FIG. 4 is a measurement result screen of the operation unit 101. This screen is a screen for displaying the measurement result received from the analysis unit 108 by the operation unit 101, and includes a sample list box 401 and an item list box 402. When the operator selects an arbitrary sample from the sample list box 401, the measurement result of each test substance of the selected sample is displayed in the item list box 402. The item list box 402 includes a test substance name 403, a measurement result 404, and a measurement result data alarm 405. When analysis is performed with a combination of different specimen amounts for one specific test substance, the measurement result is displayed using a plurality of lists in the item list box 402. In the example of FIG. 4, for the test substance name AST, the first measurement result is “34”, the first measurement result data alarm is “H”, the second measurement result is “24”, The data alarm of the second measurement result indicates “None”.

1 is an overall configuration schematic diagram of an analyzer. Comparison diagram of measurement sequence after application of conventional technology and invention. Analysis instruction screen. Measurement result screen.

Explanation of symbols

DESCRIPTION OF SYMBOLS 101 ... Operation part, 102 ... Keyboard, 103 ... Mouse, 104 ... Display apparatus, 105 ... Printing apparatus, 106, 122 ... Interface, 107 ... Memory | storage device, 108 ... Analysis part, 109 ... Reaction disk, 110 ... Reaction container, 111 DESCRIPTION OF SYMBOLS ... Reagent disc, 112 ... Reagent bottle, 113 ... Sample dispensing probe, 114 ... Stirring device, 115 ... Cleaning device, 116 ... Light source, 117 ... Multi-wavelength photometer, 118 ... Reagent dispensing probe, 119 ... Rack transport belt, 120 ... rack,
121 ... Sample container, 123 ... Computer, 124 ... A / D converter, 201 ... Measurement sequence in the prior art, 202,204,210 ... Measurement result output timing, 203,208,209 ... Sample dispensing timing, 205, 211 ... Measurement result output waiting time, 206 ... Measurement result output waiting time per time, 207 ... Measurement sequence after application of the invention, 301 ... Test substance request key, 302 ... Sample amount / dilution ratio, 303 ... Sample identification, 304 ... Sample type, 305 ... Sample number, 306 ... Patient ID, 307 ... Sample cup type, 308 ... Register button, 401 ... Sample list box, 402 ... Item list box, 403 ... Test substance name, 404 ... Measurement result, 405 ... Measurement result data alarm.

Claims (9)

A sample designating means for designating a specific analysis item of a specific sample in advance;
An analysis condition designating means capable of designating two or more analysis conditions to be performed on the test substance designated by the designating means,
When analyzing the sample designated by the sample designating means, control means for controlling two or more kinds of analyzes designated by the analysis condition designating means to measure in parallel without waiting for the first measurement result; ,
An automatic analyzer characterized by comprising: The automatic analyzer according to claim 1,
At least one of the sample designating unit and the analysis condition designating unit has a function that can be designated on an input screen of an operation unit. The automatic analyzer according to claim 1,
At least one of the sample designating unit and the analysis condition designating unit has a function capable of designating based on information from a HOST computer.
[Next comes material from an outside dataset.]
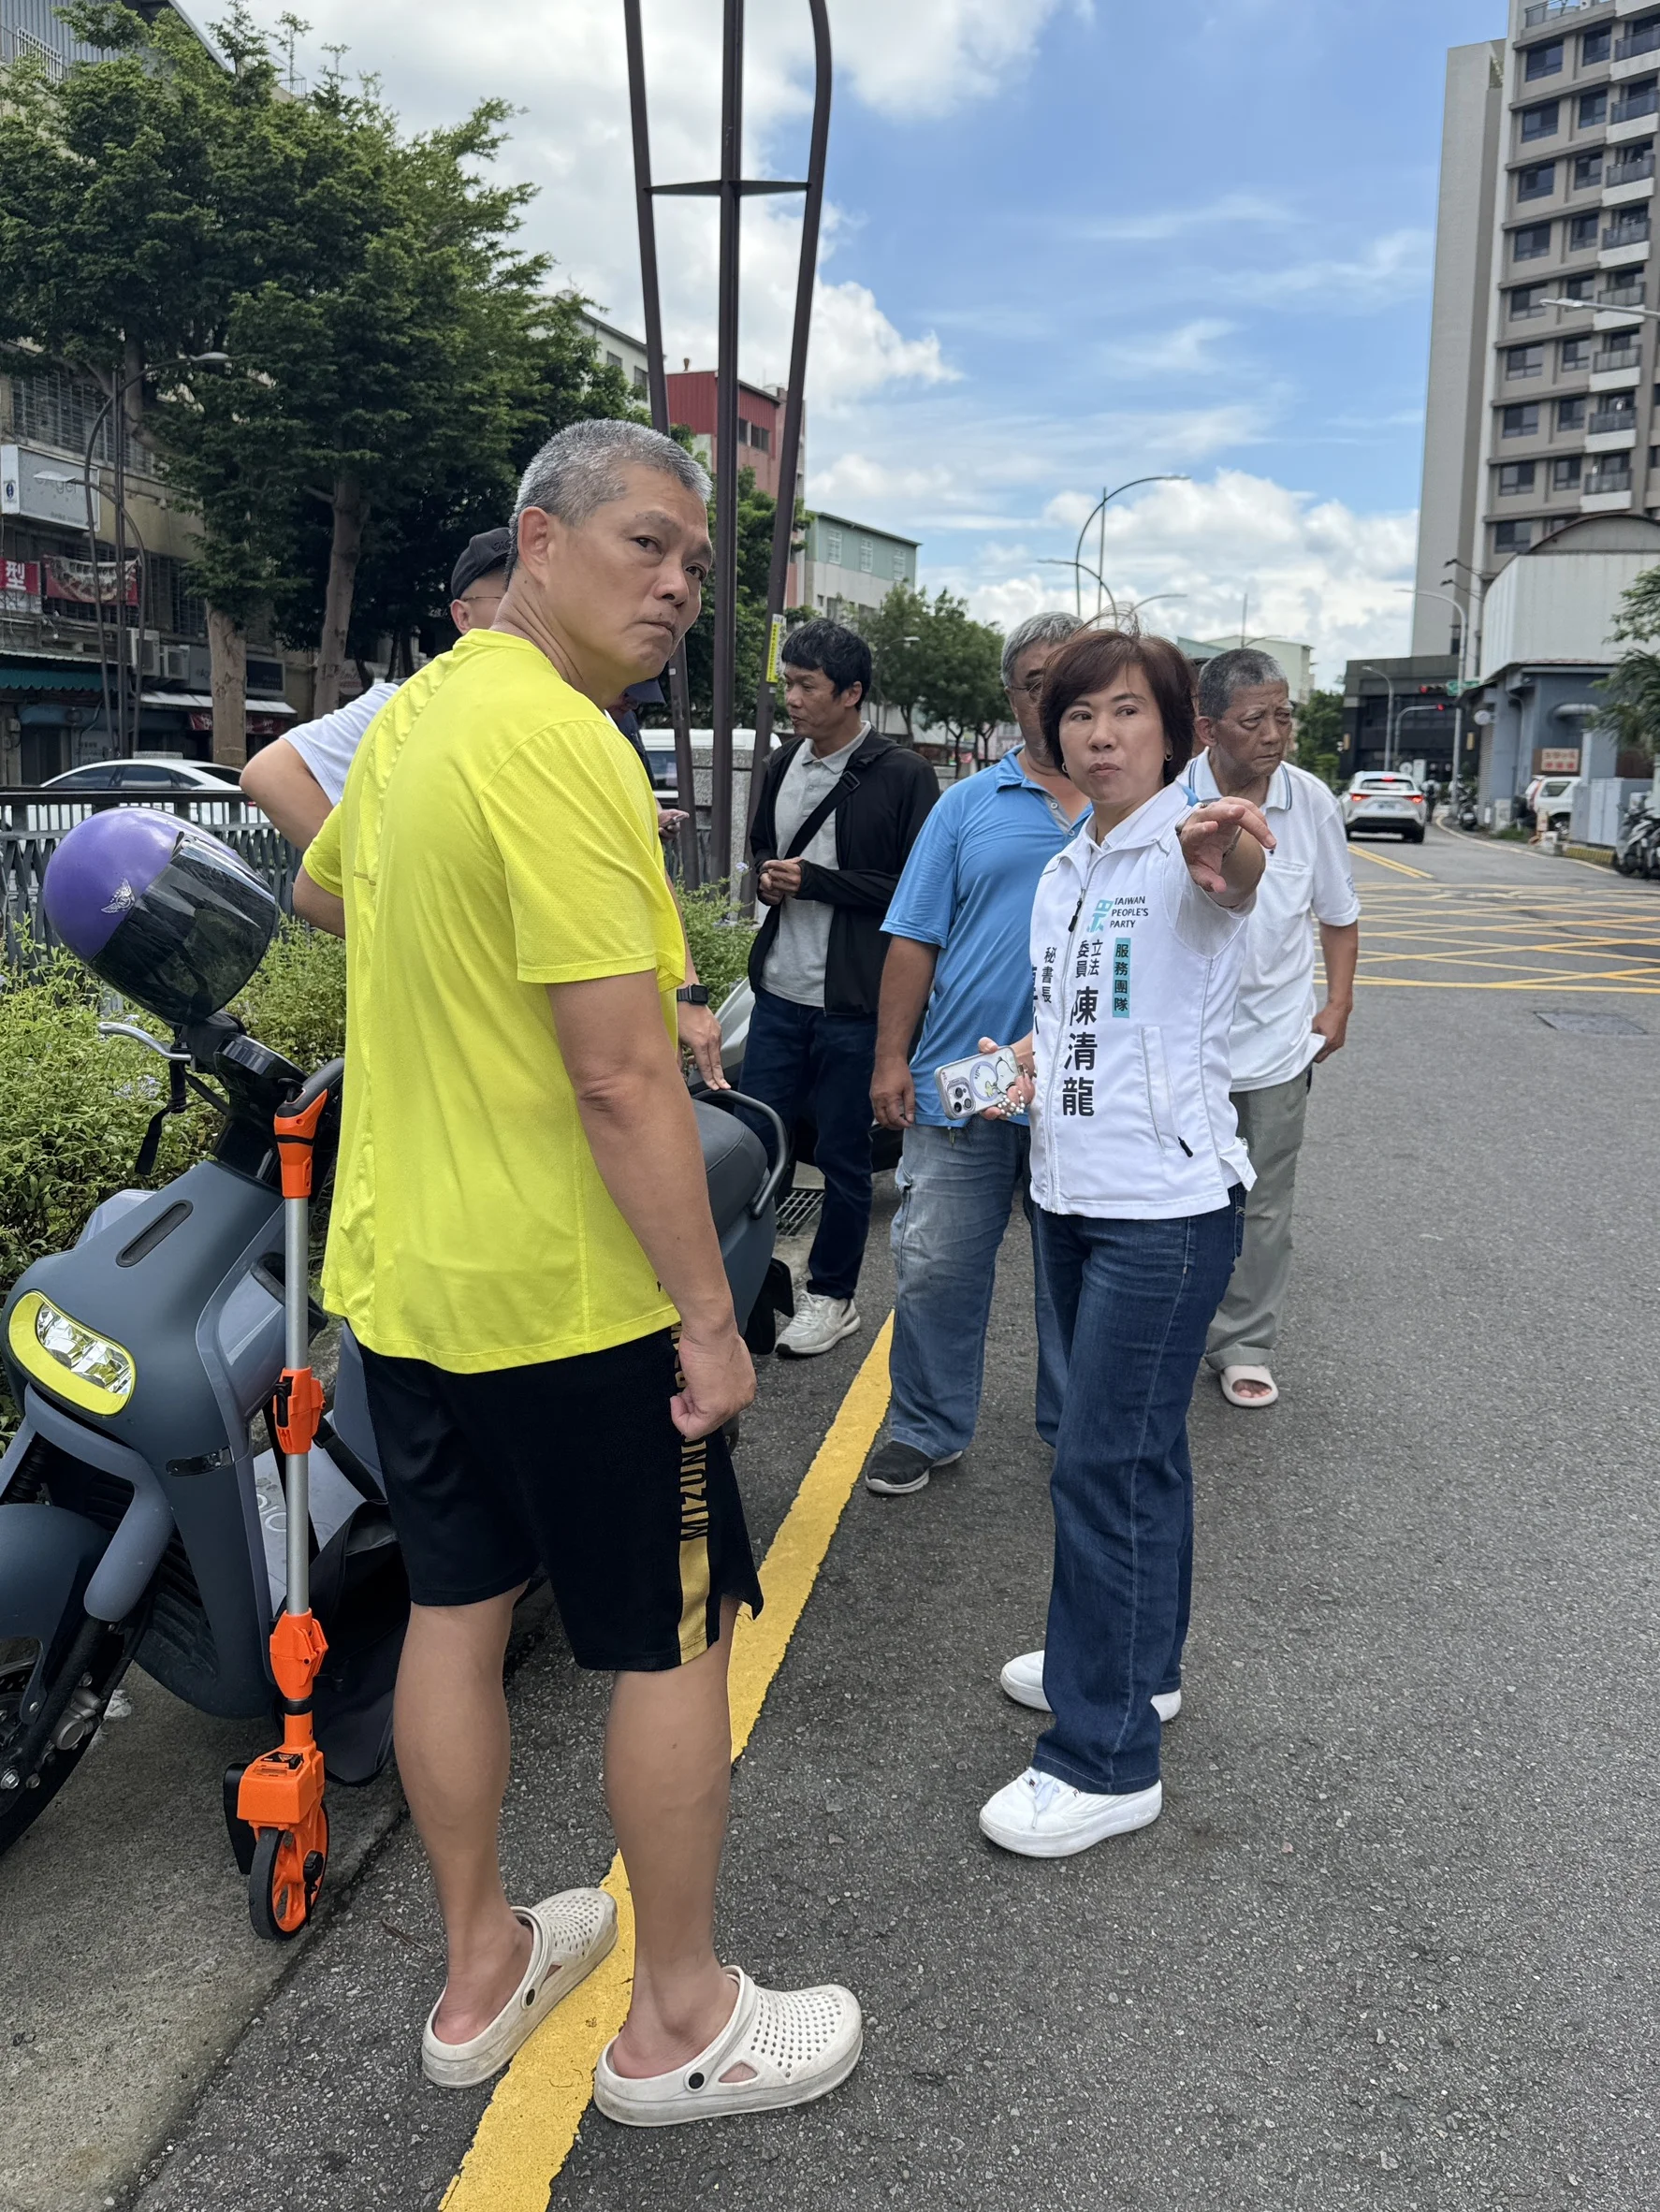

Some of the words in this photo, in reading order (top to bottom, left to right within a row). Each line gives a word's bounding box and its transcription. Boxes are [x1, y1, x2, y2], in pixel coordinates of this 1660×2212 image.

The automatic analyzer according to claim 1,
Equipped with urgent sample designation means to designate as an urgent sample requiring urgent reporting of results,
An automatic function comprising a function for displaying on the screen a display capable of instructing at least one of the sample designating means and the analysis condition designating means when designated as an emergency sample by the emergency sample designating means. Analysis equipment. The automatic analyzer according to claim 1,
An automatic analyzer having a function of displaying on a screen a display capable of instructing at least one of the sample designating unit and the analysis condition designating unit when a sample is loaded from an emergency loading position. The automatic analyzer according to claim 1,
An automatic analyzer provided with a function capable of designating a control sample for quality control by the sample designating means. The automatic analyzer according to claim 1,
The analysis condition designated by the analysis condition designating means is a sample dilution ratio, and the automatic analysis is provided with a function that allows the dilution ratio to be designated in advance for each analysis item designated by the sample designating means. apparatus. The automatic analyzer according to claim 1,
An automatic analyzer characterized in that the analysis condition designating unit has a function of designating the number of times of measurement for each sample amount by a combination of different sample amounts. The automatic analyzer according to claim 1,
An automatic analyzer having a function capable of designating which sample amount to be used as patient data from among the measurement results at different sample amounts designated by the analysis condition designating means.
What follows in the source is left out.